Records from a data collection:
╔══

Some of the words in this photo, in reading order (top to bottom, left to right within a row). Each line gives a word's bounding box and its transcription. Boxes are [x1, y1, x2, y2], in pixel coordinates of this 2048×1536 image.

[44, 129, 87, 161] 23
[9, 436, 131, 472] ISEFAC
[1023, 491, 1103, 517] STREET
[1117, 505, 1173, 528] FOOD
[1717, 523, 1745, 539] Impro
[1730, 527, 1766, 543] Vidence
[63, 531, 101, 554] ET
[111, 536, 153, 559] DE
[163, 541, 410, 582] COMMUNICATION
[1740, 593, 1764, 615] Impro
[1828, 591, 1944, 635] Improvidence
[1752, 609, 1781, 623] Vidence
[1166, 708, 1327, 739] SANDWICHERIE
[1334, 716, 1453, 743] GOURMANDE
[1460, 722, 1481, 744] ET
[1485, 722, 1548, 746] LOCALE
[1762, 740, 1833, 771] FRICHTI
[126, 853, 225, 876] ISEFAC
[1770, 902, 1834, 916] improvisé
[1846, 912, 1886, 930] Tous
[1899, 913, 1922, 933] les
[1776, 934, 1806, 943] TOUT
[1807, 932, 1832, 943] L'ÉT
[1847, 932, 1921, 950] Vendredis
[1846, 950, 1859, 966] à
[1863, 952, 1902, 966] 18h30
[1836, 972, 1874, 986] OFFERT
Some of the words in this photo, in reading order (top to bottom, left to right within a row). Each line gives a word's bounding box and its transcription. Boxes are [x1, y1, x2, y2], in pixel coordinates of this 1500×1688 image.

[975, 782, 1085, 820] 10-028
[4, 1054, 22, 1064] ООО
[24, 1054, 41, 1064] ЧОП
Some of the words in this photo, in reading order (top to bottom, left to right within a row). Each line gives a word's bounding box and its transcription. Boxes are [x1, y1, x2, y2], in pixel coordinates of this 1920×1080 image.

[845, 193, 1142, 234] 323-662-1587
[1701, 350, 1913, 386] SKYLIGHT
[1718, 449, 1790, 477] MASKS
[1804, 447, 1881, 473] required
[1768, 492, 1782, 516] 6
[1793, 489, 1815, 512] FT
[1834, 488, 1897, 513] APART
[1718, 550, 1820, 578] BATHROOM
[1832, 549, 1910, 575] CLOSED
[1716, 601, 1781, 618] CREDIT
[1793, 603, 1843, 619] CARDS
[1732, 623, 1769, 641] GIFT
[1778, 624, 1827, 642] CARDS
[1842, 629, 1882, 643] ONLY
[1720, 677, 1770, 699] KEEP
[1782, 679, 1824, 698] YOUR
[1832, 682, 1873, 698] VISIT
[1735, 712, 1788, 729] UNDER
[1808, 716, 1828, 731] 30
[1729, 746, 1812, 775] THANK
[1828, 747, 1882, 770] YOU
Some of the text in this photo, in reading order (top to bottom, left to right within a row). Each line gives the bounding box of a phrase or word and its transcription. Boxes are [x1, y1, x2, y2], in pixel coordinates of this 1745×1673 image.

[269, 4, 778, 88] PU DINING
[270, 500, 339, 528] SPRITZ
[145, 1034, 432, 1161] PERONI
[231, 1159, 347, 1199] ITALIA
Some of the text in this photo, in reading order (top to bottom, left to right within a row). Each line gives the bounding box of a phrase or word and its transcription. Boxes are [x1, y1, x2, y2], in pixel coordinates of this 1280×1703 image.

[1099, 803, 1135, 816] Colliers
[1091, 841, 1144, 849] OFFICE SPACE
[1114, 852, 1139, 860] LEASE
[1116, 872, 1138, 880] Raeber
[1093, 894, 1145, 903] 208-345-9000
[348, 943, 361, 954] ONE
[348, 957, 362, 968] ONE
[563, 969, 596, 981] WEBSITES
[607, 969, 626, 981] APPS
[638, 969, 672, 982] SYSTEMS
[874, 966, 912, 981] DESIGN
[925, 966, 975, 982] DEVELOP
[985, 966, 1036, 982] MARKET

╚══

What you have to do: Each line from the one containing "this 1745×1673 image." to the last line above must be returned exactly, and no line outside that range.

Task result:
Some of the text in this photo, in reading order (top to bottom, left to right within a row). Each line gives the bounding box of a phrase or word and its transcription. Boxes are [x1, y1, x2, y2], in pixel coordinates of this 1745×1673 image.

[269, 4, 778, 88] PU DINING
[270, 500, 339, 528] SPRITZ
[145, 1034, 432, 1161] PERONI
[231, 1159, 347, 1199] ITALIA
Some of the text in this photo, in reading order (top to bottom, left to right within a row). Each line gives the bounding box of a phrase or word and its transcription. Boxes are [x1, y1, x2, y2], in pixel coordinates of this 1280×1703 image.

[1099, 803, 1135, 816] Colliers
[1091, 841, 1144, 849] OFFICE SPACE
[1114, 852, 1139, 860] LEASE
[1116, 872, 1138, 880] Raeber
[1093, 894, 1145, 903] 208-345-9000
[348, 943, 361, 954] ONE
[348, 957, 362, 968] ONE
[563, 969, 596, 981] WEBSITES
[607, 969, 626, 981] APPS
[638, 969, 672, 982] SYSTEMS
[874, 966, 912, 981] DESIGN
[925, 966, 975, 982] DEVELOP
[985, 966, 1036, 982] MARKET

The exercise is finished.